● MATERIAL FOR THIS TASK:

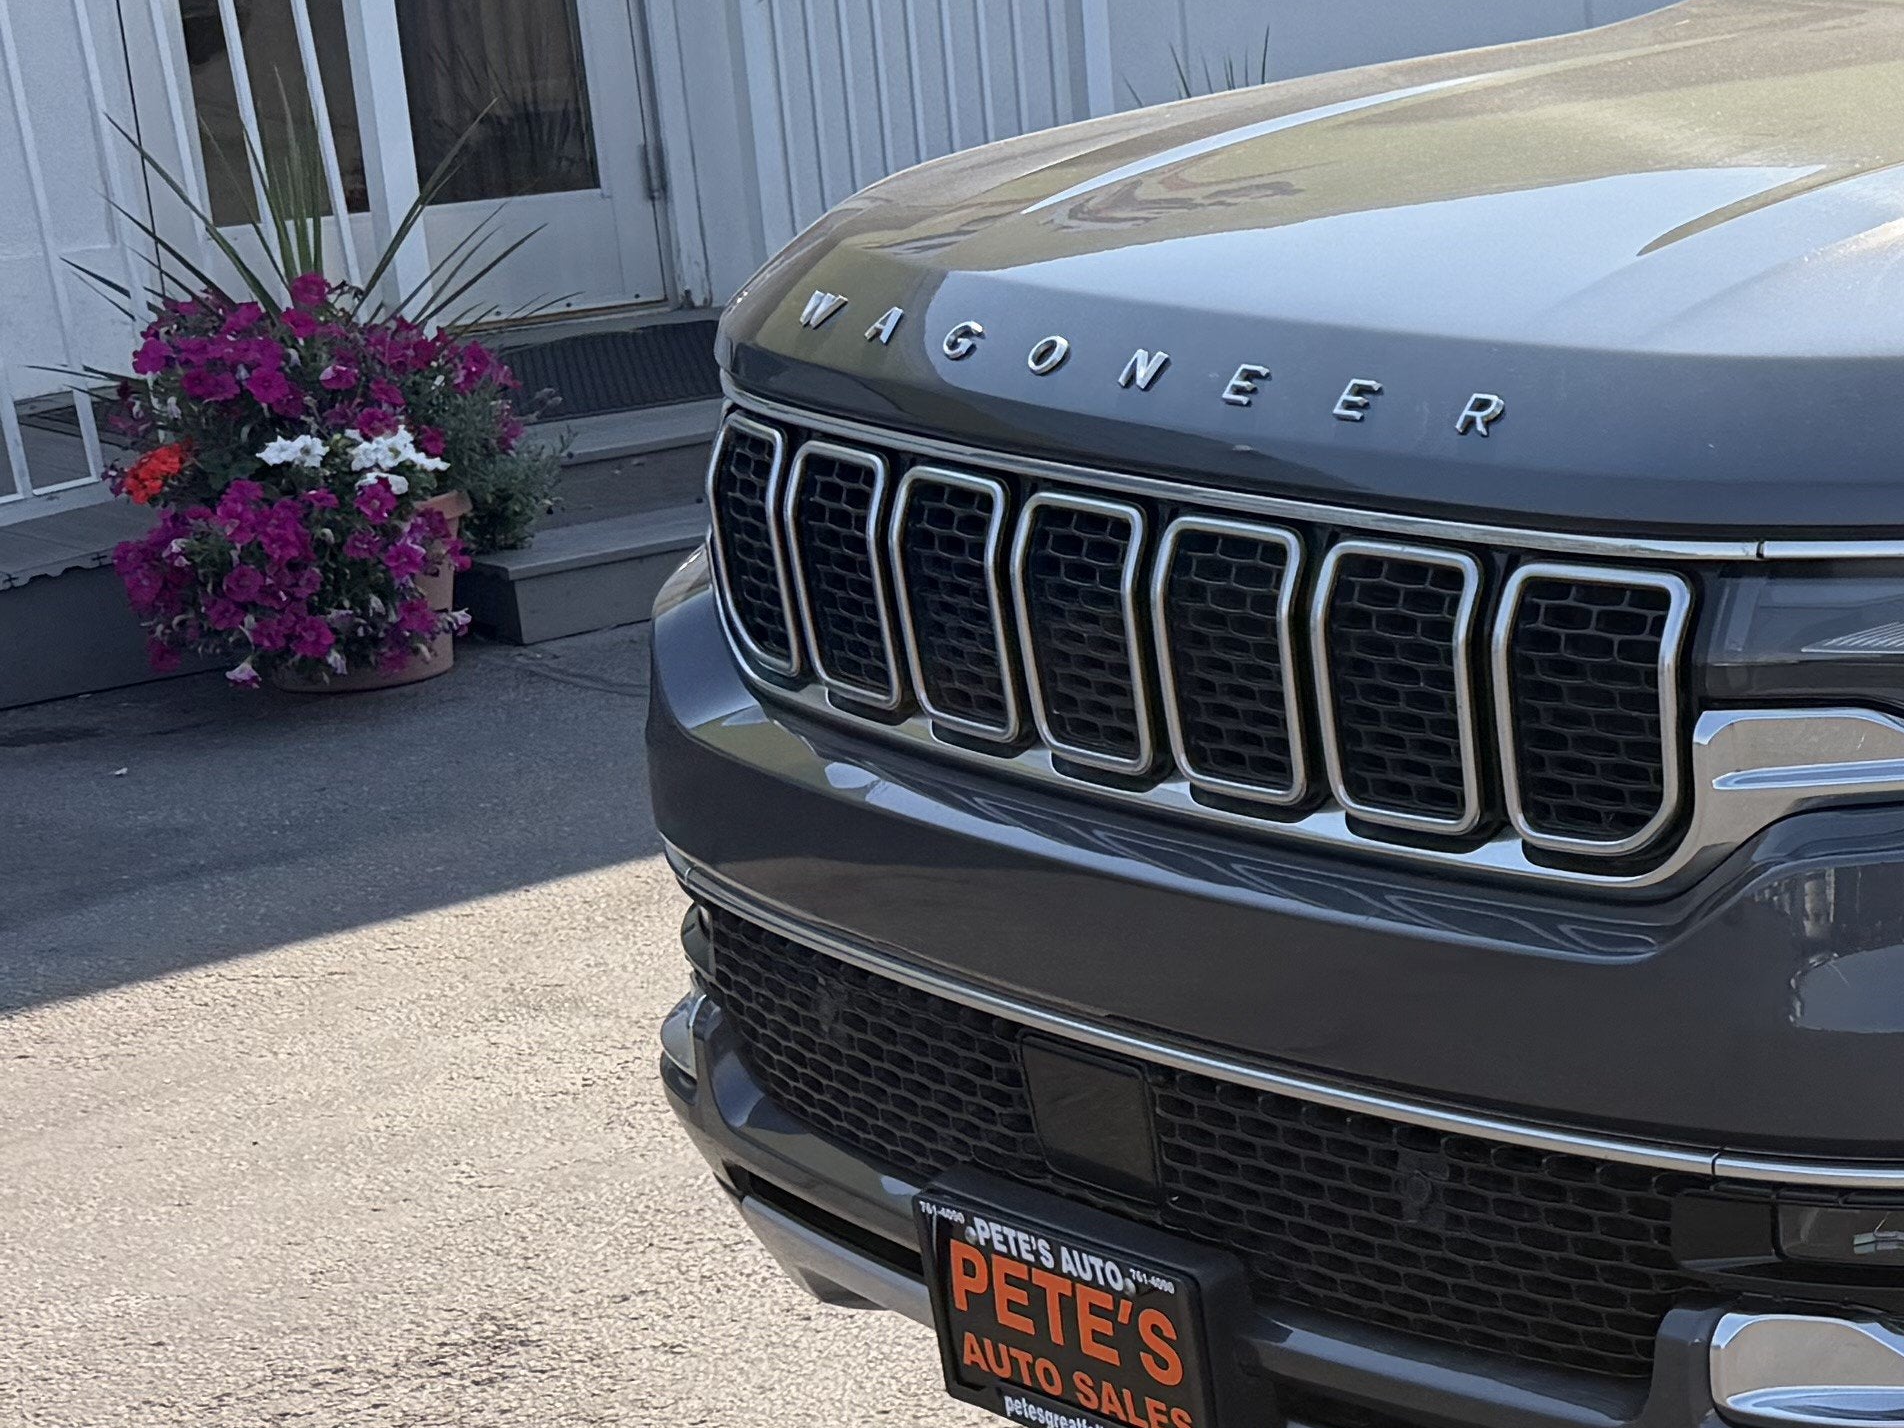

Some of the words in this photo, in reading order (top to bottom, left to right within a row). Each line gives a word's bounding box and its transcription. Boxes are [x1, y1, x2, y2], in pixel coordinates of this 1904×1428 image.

[799, 289, 1505, 437] WAGONEER
[973, 1217, 1055, 1269] PETE'S
[1060, 1246, 1124, 1292] AUTO
[950, 1238, 1184, 1387] PETE'S
[963, 1332, 1064, 1397] AUTO
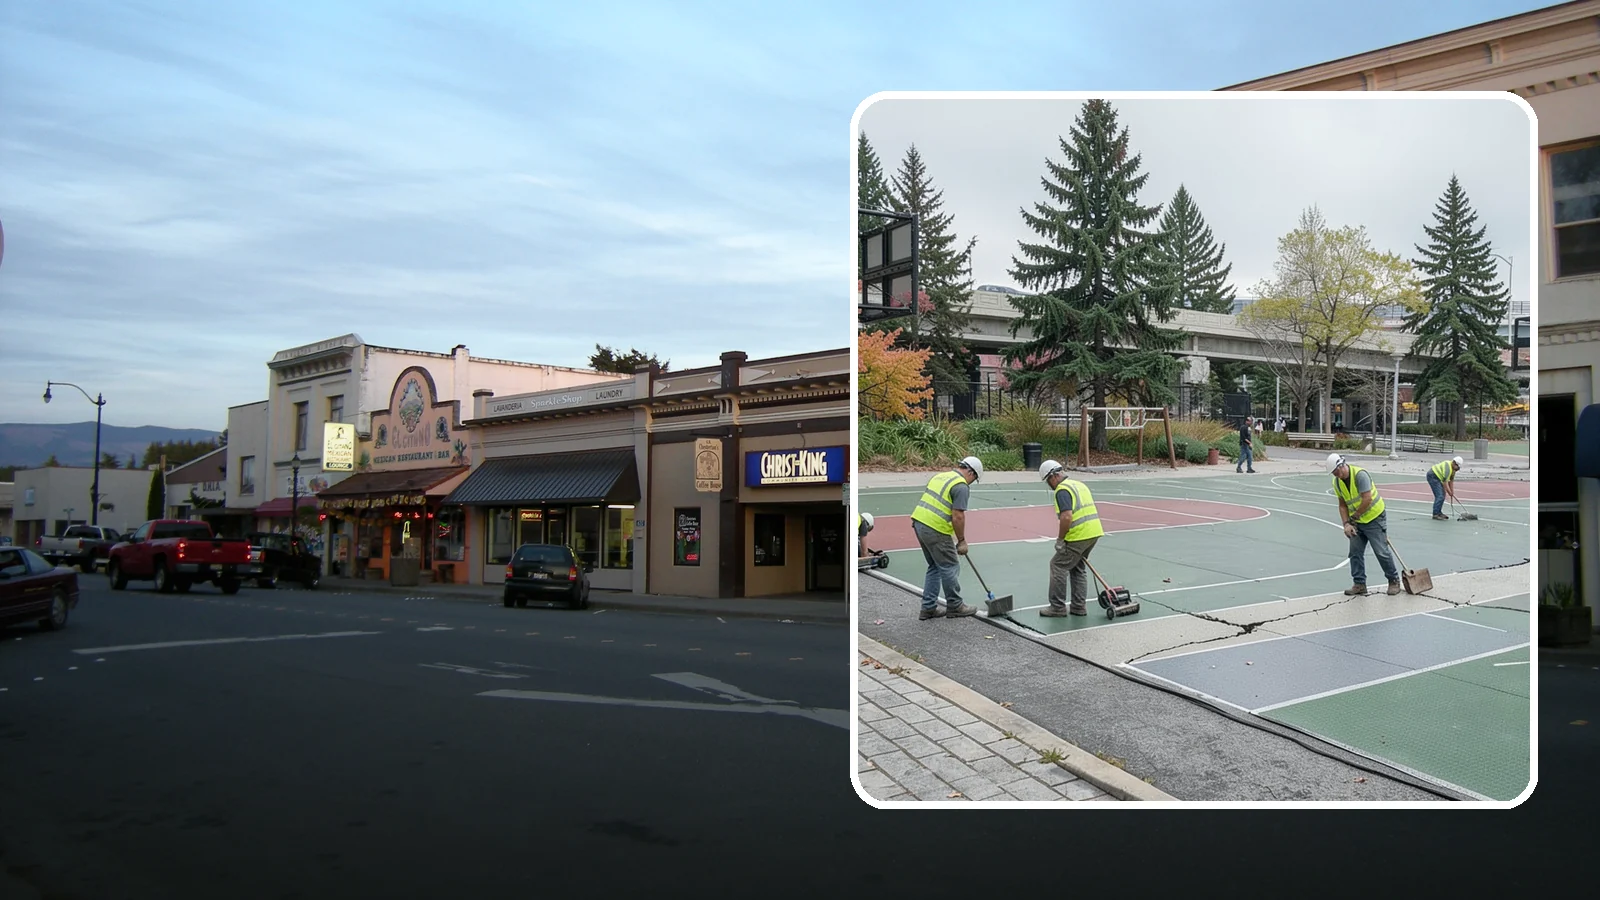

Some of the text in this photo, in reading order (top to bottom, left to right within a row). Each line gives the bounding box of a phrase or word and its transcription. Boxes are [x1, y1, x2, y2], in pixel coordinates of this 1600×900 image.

[595, 388, 623, 400] LAUNDRY
[493, 401, 523, 413] LAVANDERIA
[530, 394, 582, 409] Sparkle Shop
[373, 450, 450, 464] MEXICAN RESTAURANT BAR
[760, 450, 827, 478] CHRIST KING
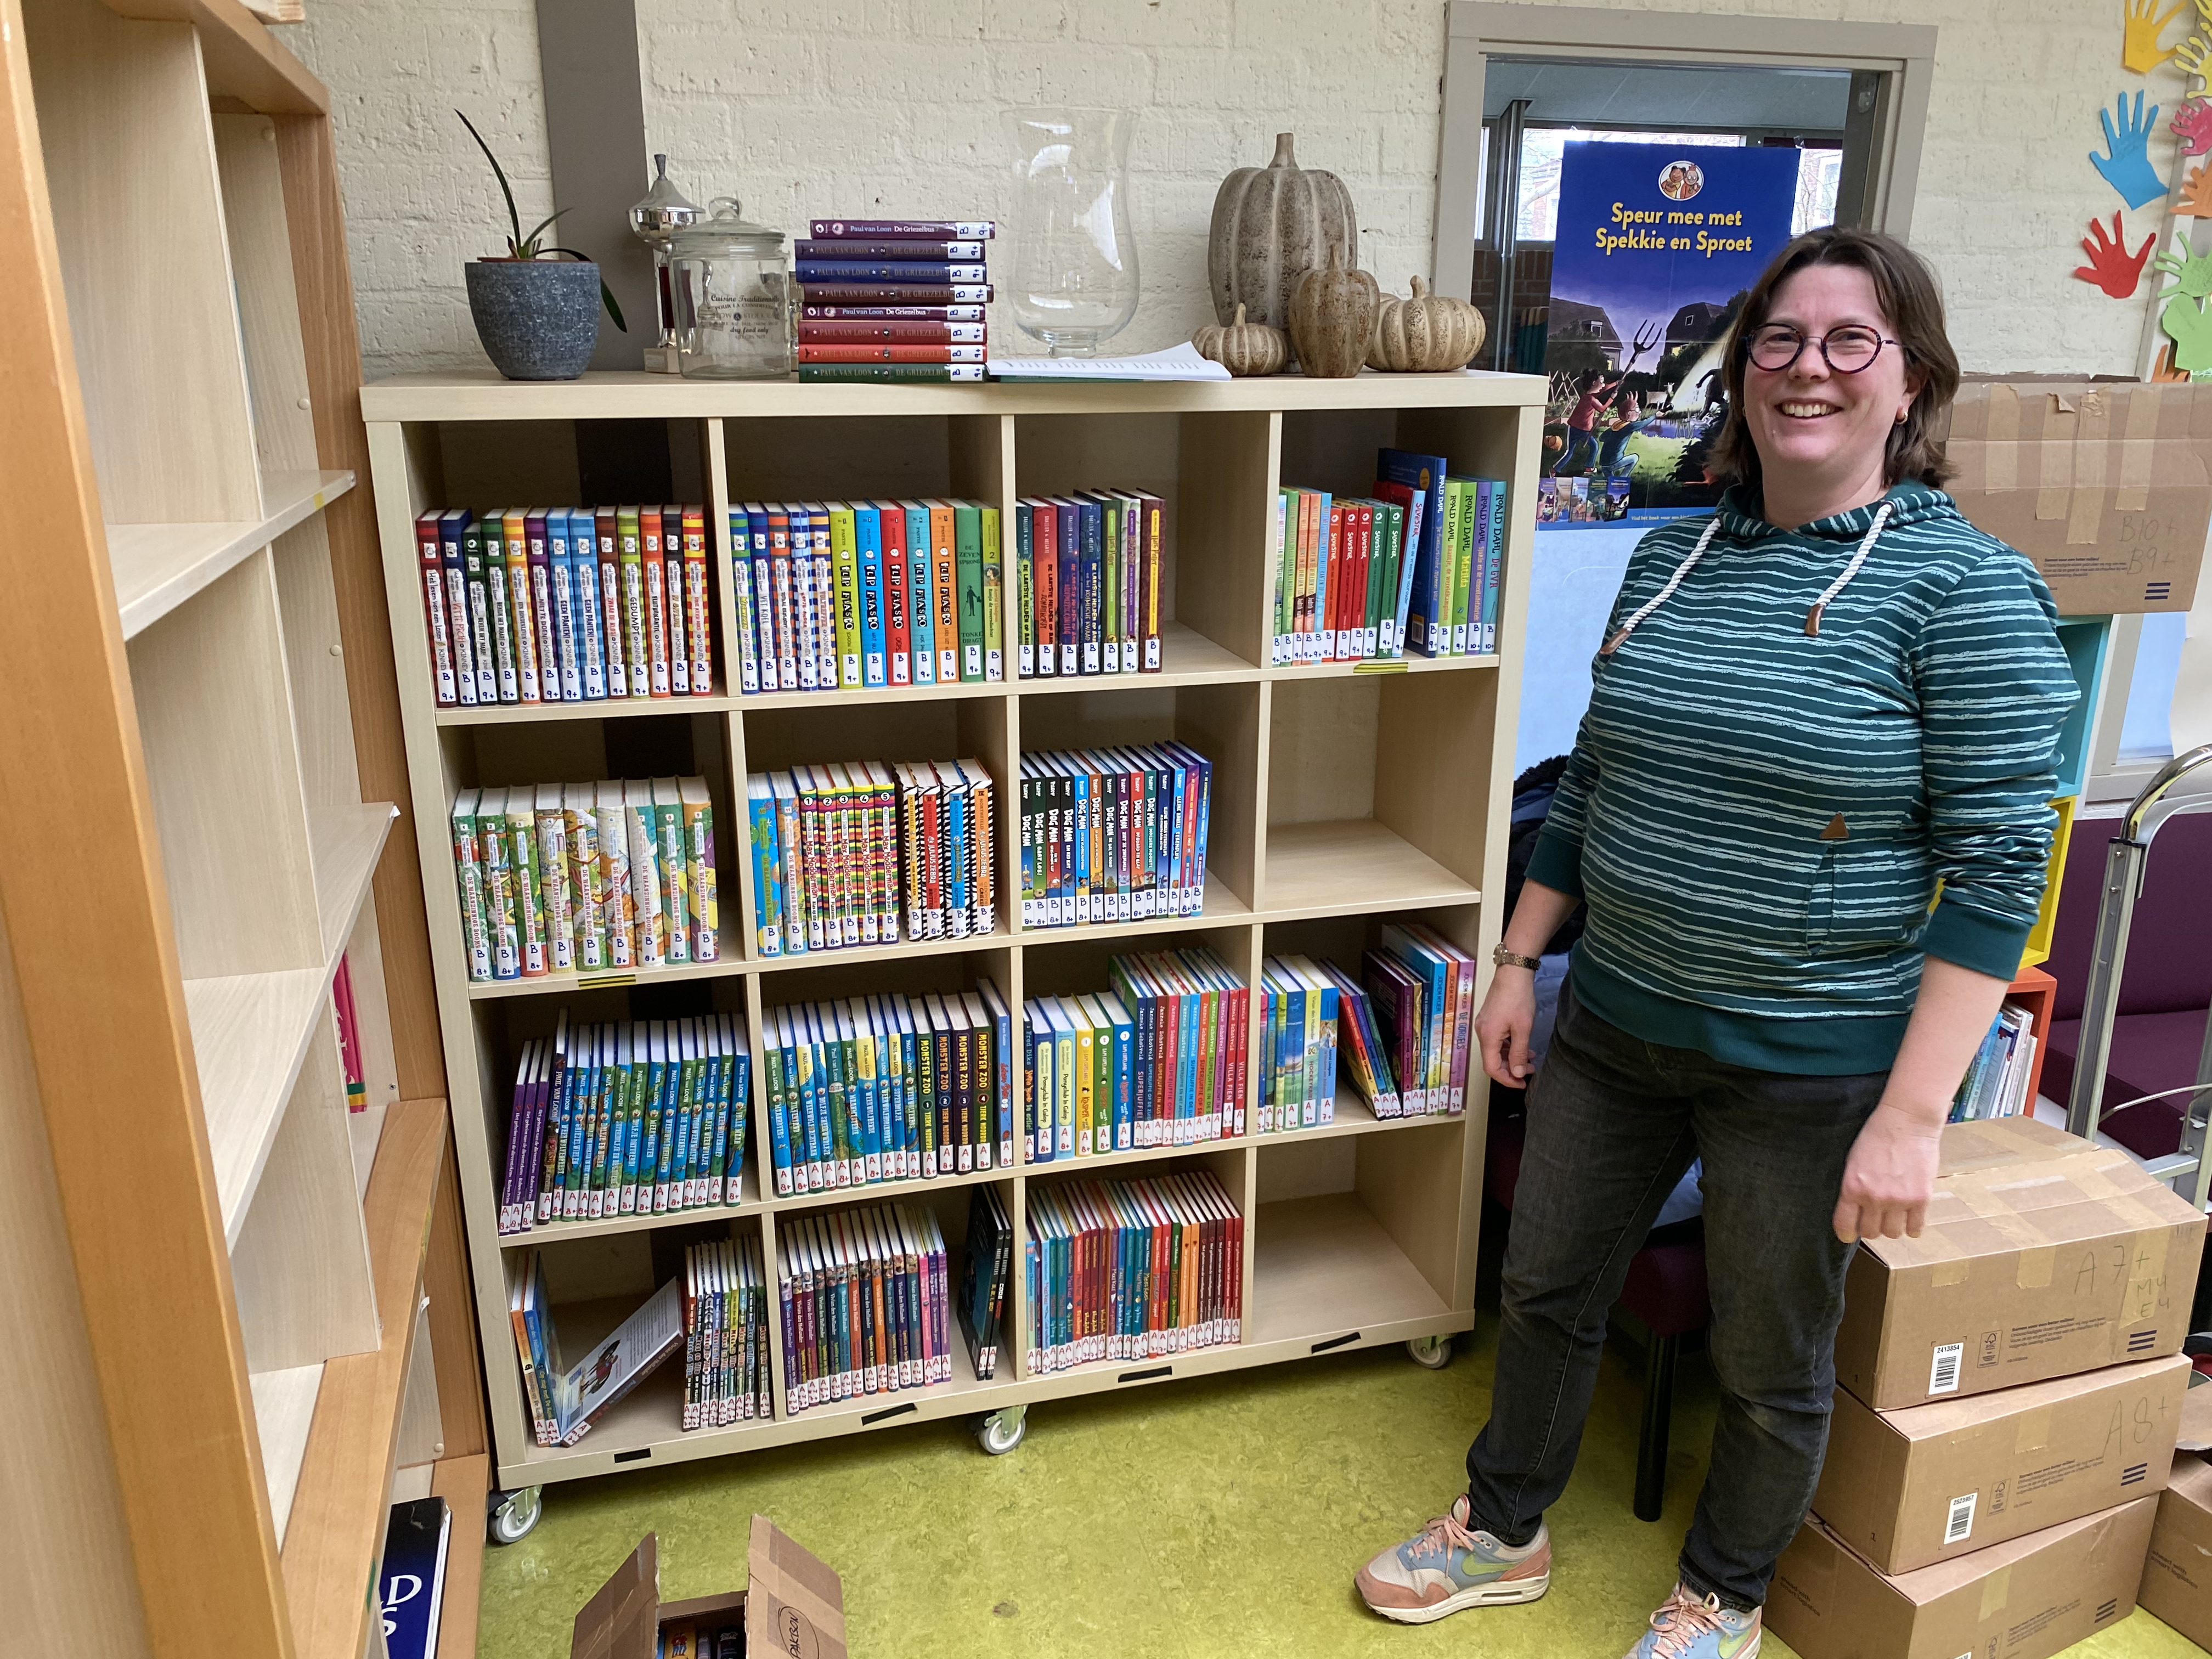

● HOW TO COMPLETE THIS TASK: Skip the pictures, then return the rest of the data exactly.

● TASK SOLUTION:
Some of the words in this photo, in reading order (top to bottom, left to right within a row). Each line gives a word's bounding box and its transcription. Boxes are [x1, y1, x2, y2], in pixel coordinates of this 1904×1428 image.

[799, 289, 1505, 437] WAGONEER
[973, 1217, 1055, 1269] PETE'S
[1060, 1246, 1124, 1292] AUTO
[950, 1238, 1184, 1387] PETE'S
[963, 1332, 1064, 1397] AUTO

Some of the text in this photo, in reading order (top to bottom, left to right within a row). Each line gives the bounding box of a phrase or word and its transcription. Boxes are [x1, y1, x2, y2], in pixel coordinates of this 1600×900 image.

[595, 388, 623, 400] LAUNDRY
[493, 401, 523, 413] LAVANDERIA
[530, 394, 582, 409] Sparkle Shop
[373, 450, 450, 464] MEXICAN RESTAURANT BAR
[760, 450, 827, 478] CHRIST KING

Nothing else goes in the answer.